На него посмотрели с уважением.
Колода нашлась в том же рюкзаке, где жил младенец. И, на счастье, оказалась не новоделом, а классической марсельской.
– Не продадите?
Хиппи переглянулись, слегка замялись: За смешную сумму в семьдесят долларов колода поступила в полное владение Николая Степановича.
– Зачем ты это? – спросил Коминт недовольно. – Деньги тратишь…
– А если на них выйдут? – Николай Степанович показал глазами на рюкзак. -
Лучше уж мы сами…
Карты не ложились. Они не легли один круг и второй. На третьем Николай Степанович вдруг понял, в чем дело.
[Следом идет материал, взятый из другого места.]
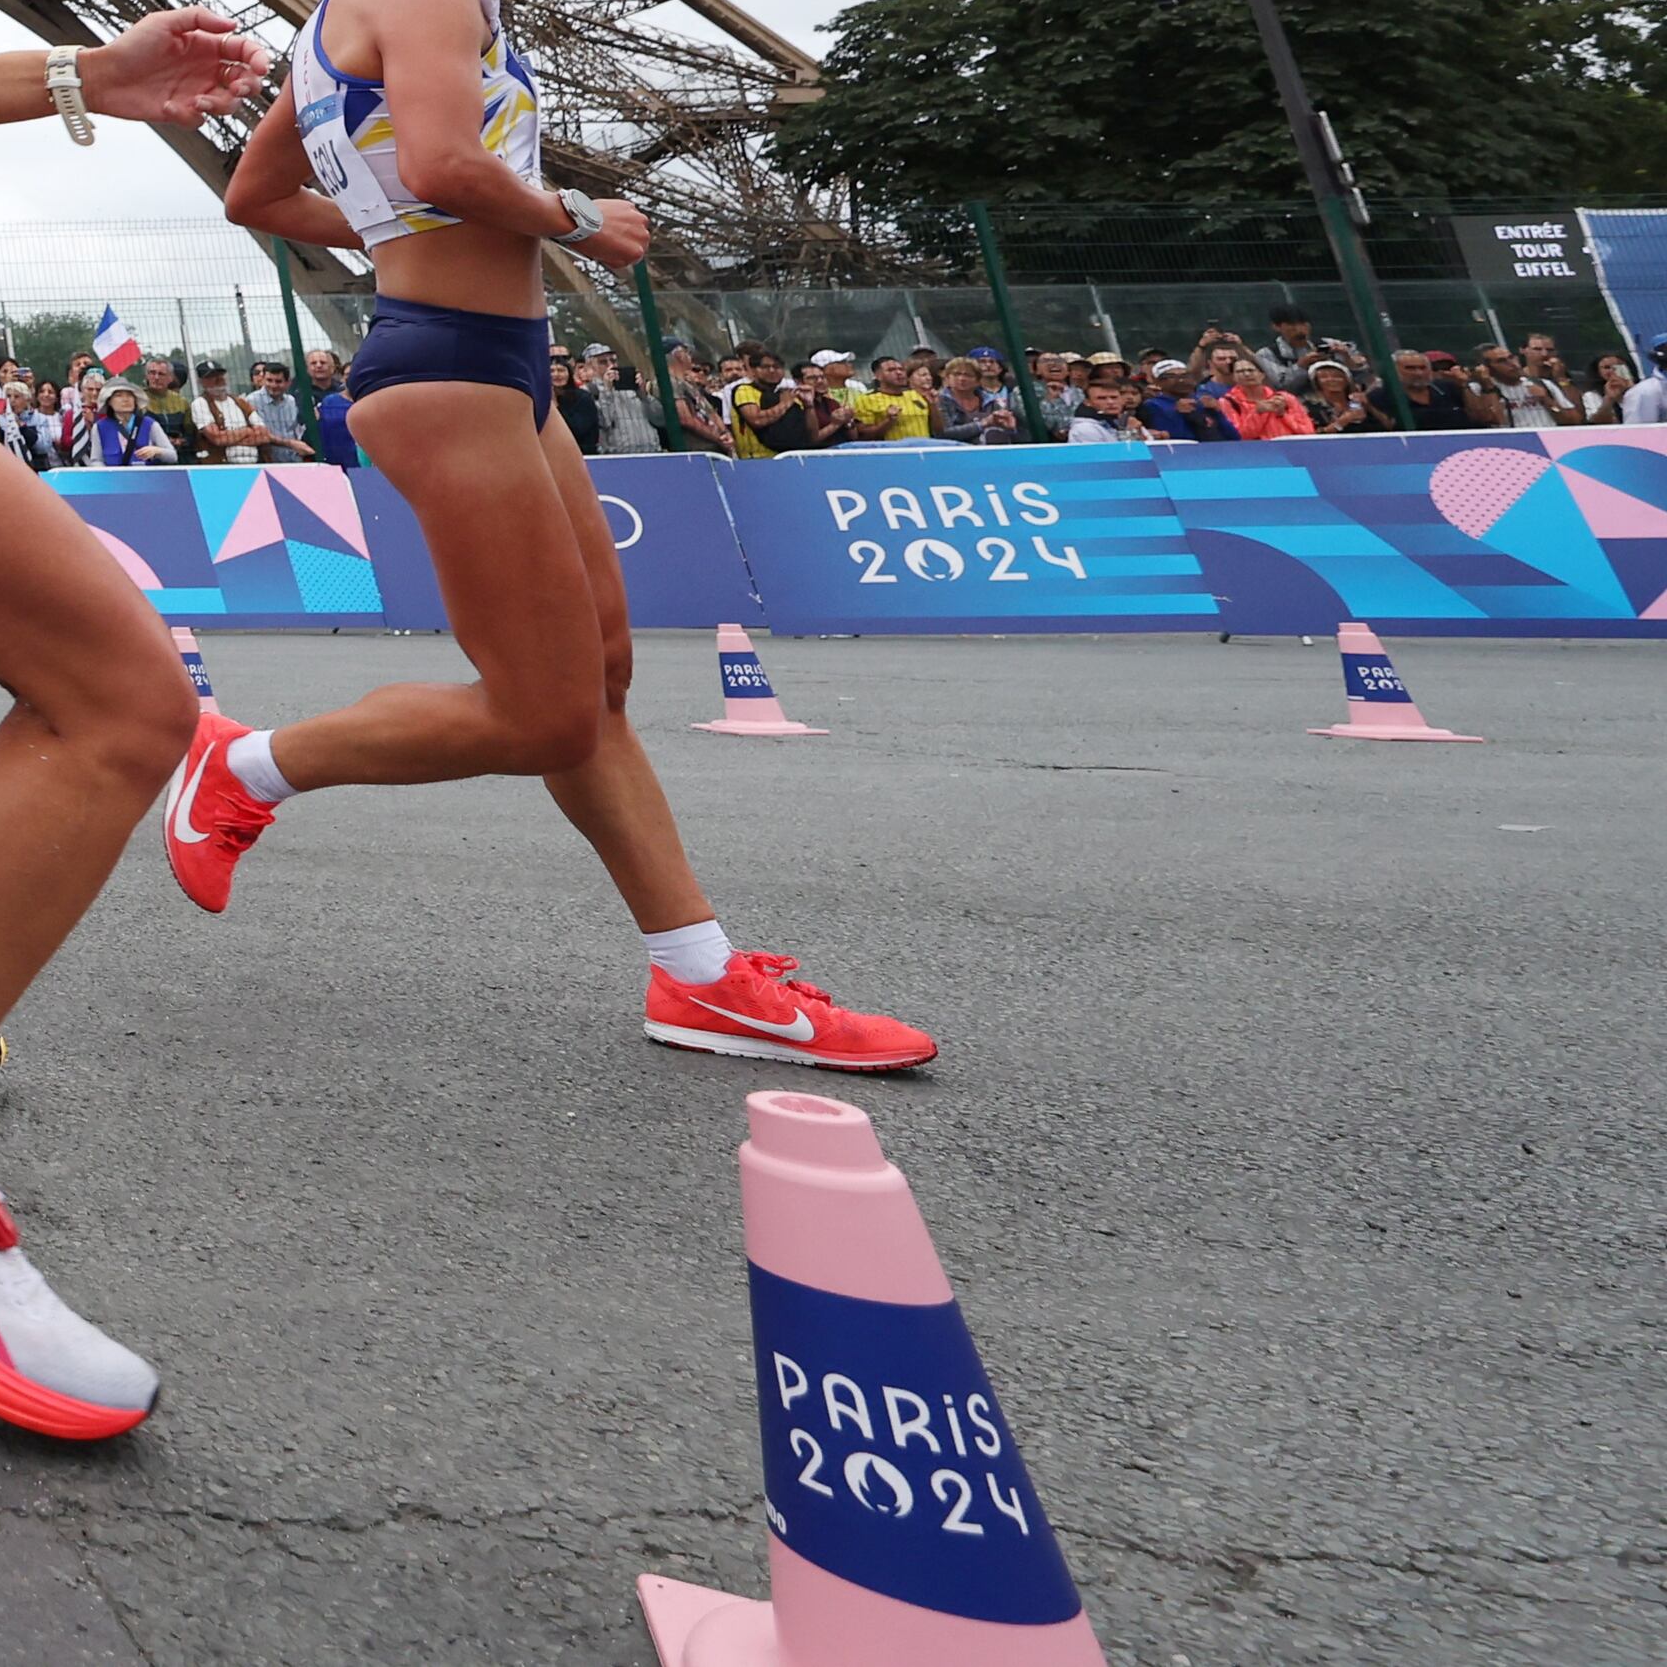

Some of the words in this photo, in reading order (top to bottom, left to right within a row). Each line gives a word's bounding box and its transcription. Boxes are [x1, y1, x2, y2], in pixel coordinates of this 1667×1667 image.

[1494, 221, 1568, 240] ENTRÉE
[1510, 243, 1564, 258] TOUR
[1513, 262, 1576, 277] EIFFEL
[825, 481, 1061, 532] PARIS
[847, 536, 1088, 584] 2024
[723, 663, 764, 676] PARIS
[1363, 678, 1405, 691] 202
[773, 1351, 1001, 1458] PARIS
[790, 1428, 1029, 1536] 2024
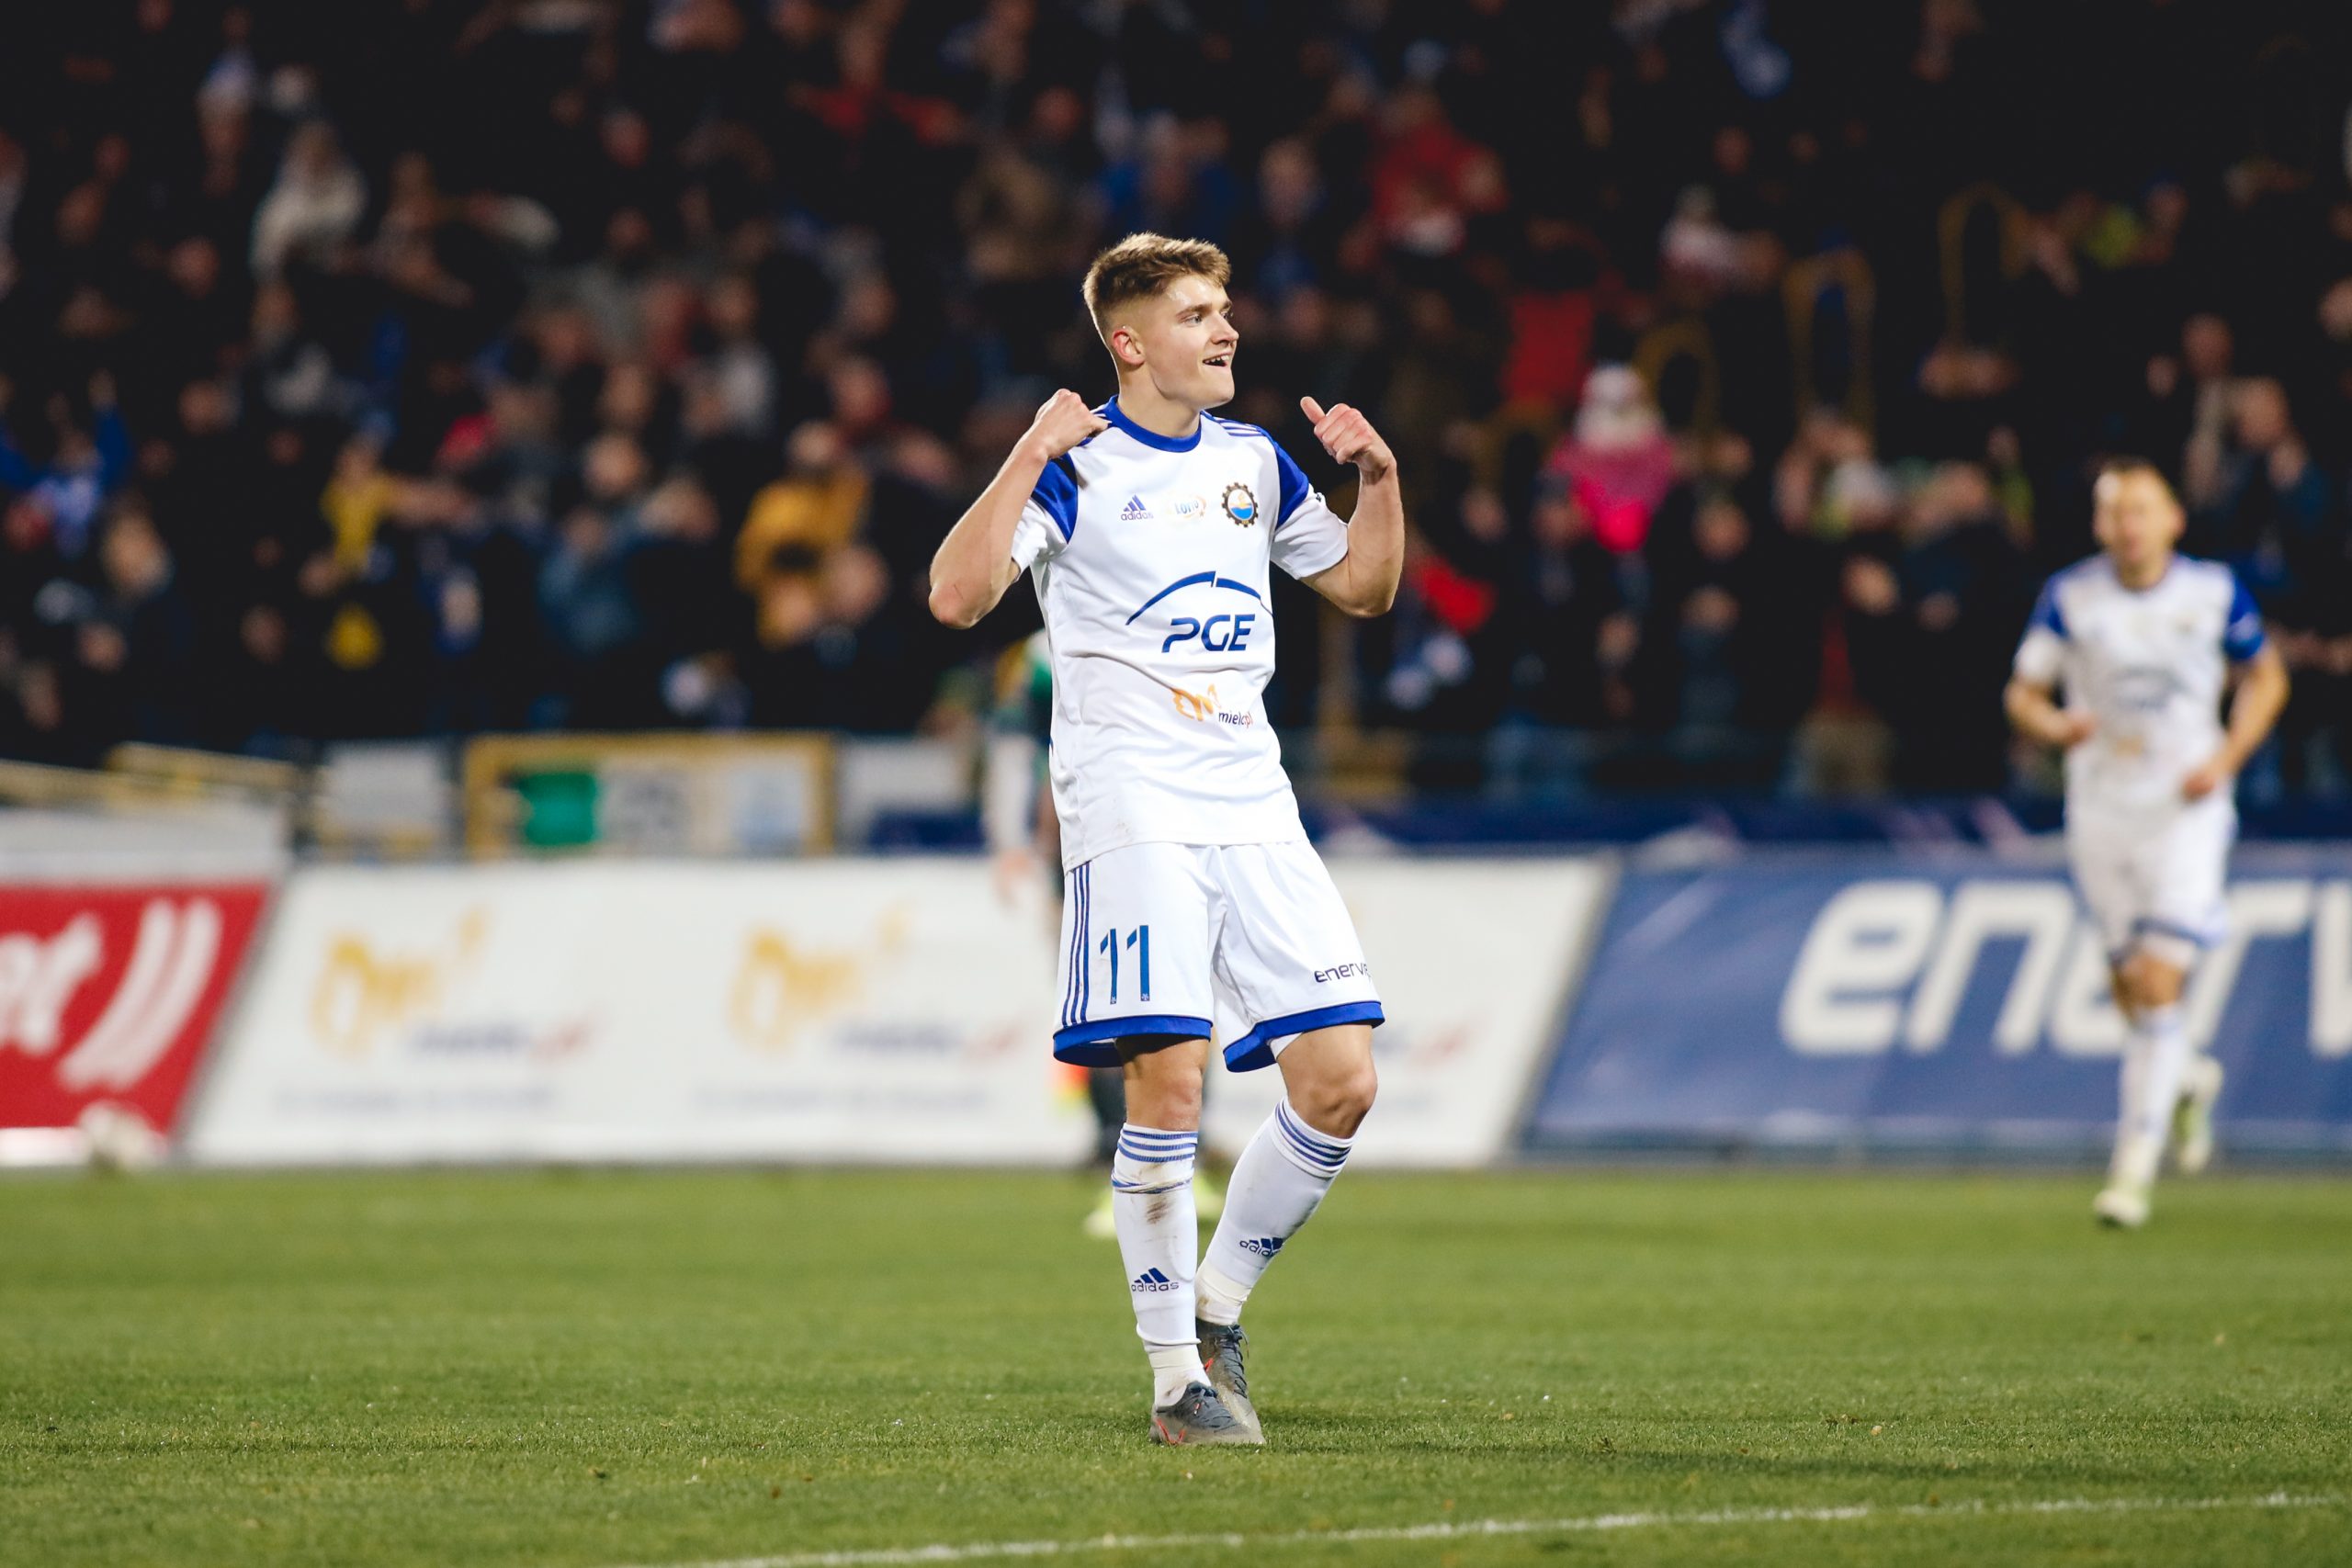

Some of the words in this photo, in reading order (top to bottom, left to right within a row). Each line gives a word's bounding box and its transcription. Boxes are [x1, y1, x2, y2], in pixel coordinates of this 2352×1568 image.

[1161, 614, 1256, 653] PGE
[1100, 925, 1150, 1005] 11
[1131, 1281, 1180, 1292] adidas
Газеты продавали неподалеку у книжного развала. Он купил «Московский комсомолец», «Известия» и «Труд». Сообщения о трагической гибели кандидата в президенты академика Виталия Тимофеевича Фоменко публиковали все три – само собой, в различной тональности. Для «МК» факт взрыва бомбы на борту частного Як-40, летящего над Эгейским морем, сомнения не вызывал; вопрос был только в том, кто подложил бомбу: военные или мафия? Две прочие газеты интересовались другим: кто станет наследником могущественной медицинской империи – и не перенесут ли в связи с инцидентом президентские выборы?
– Жить будешь у меня, – сказал потемневший Коминт. – И никаких отговорок, понял?
– Обсудим, – сказал Николай Степанович.
– Хотите, я представлю вас Гиммлеру? – спросил фон Зеботтендорф.
– Стоит ли? – спросил я. – От меня до сих пор пахнет болотами: и гарью. Вы меня понимаете?
Он отвернулся и посмотрел в окно машины. Мы пересекали Адольфгитлерштрассе. Витрины магазина напротив были выбиты, два мальчика в синей униформе подметали тротуар короткими метелками. Шуцман– регулировщик отдал честь нашей машине и поднял жезл.